(Input data)
+===+
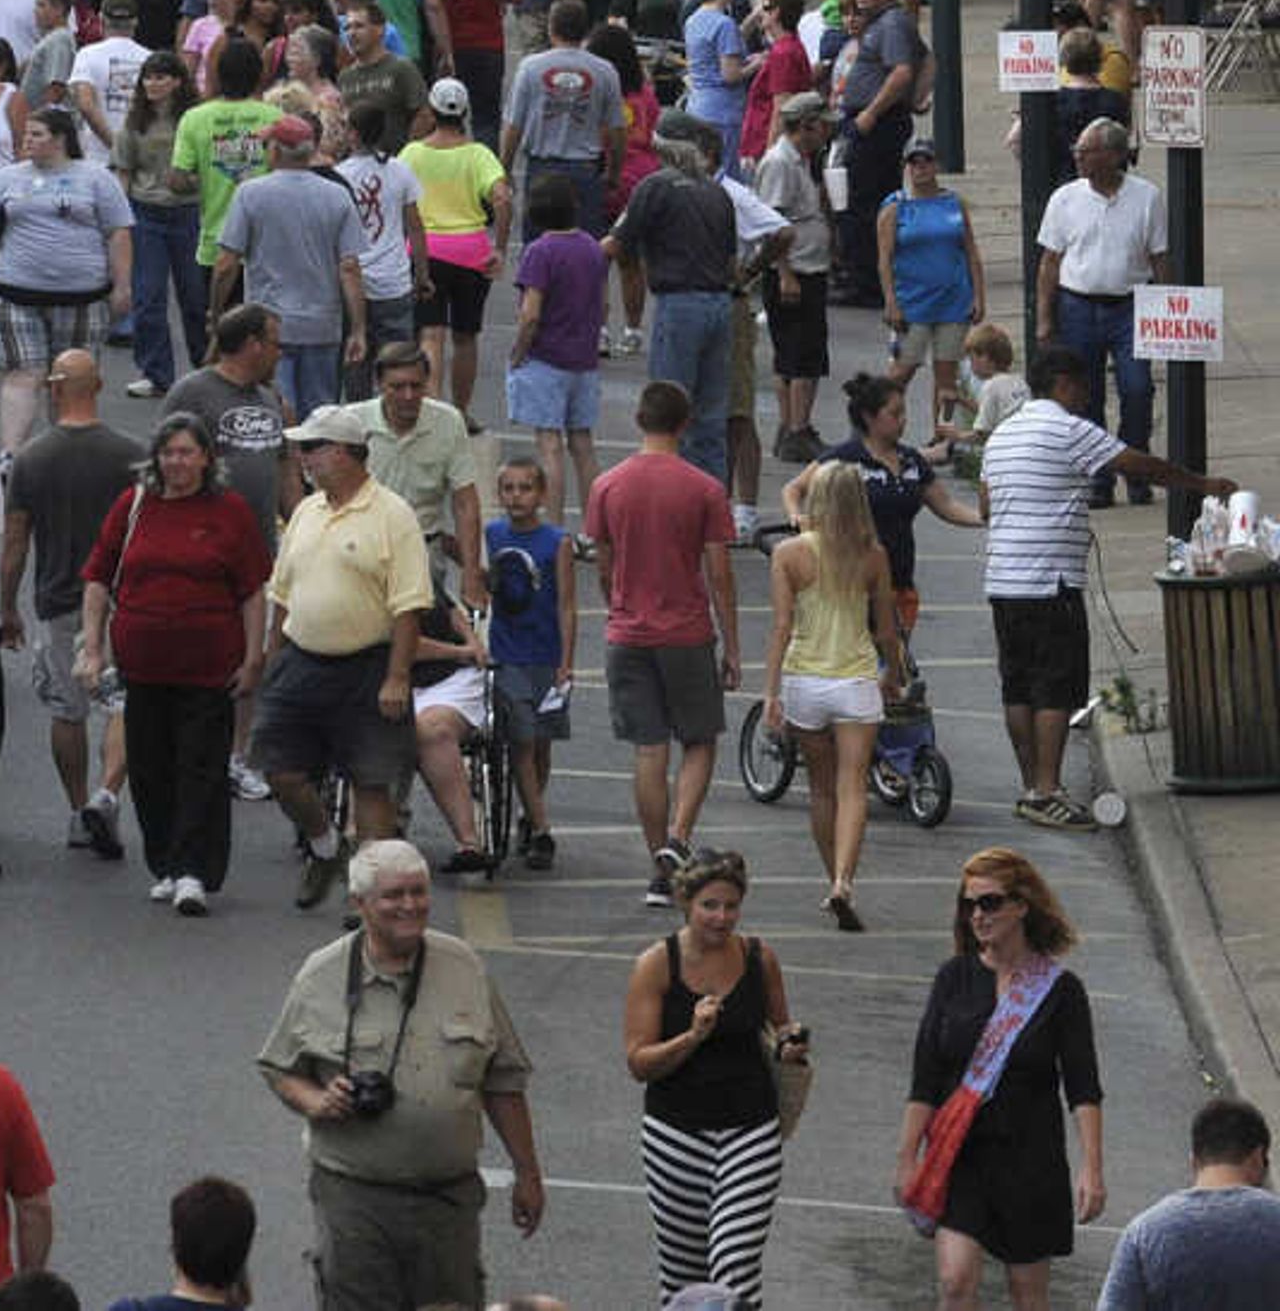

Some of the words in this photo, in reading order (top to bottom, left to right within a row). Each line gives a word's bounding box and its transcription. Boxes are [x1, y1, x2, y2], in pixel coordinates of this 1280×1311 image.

[1159, 37, 1185, 60] NO
[1002, 56, 1056, 74] PARKING
[1144, 67, 1204, 88] PARKING
[1167, 295, 1190, 316] NO
[1139, 318, 1217, 342] PARKING
+===+
Word for word, repeat each line of the records, and leave every image out.

(Written solution)
Some of the words in this photo, in reading order (top to bottom, left to right within a row). Each line gives a word's bounding box and its transcription. Boxes are [x1, y1, x2, y2], in pixel coordinates of this 1280×1311 image.

[1159, 37, 1185, 60] NO
[1002, 56, 1056, 74] PARKING
[1144, 67, 1204, 88] PARKING
[1167, 295, 1190, 316] NO
[1139, 318, 1217, 342] PARKING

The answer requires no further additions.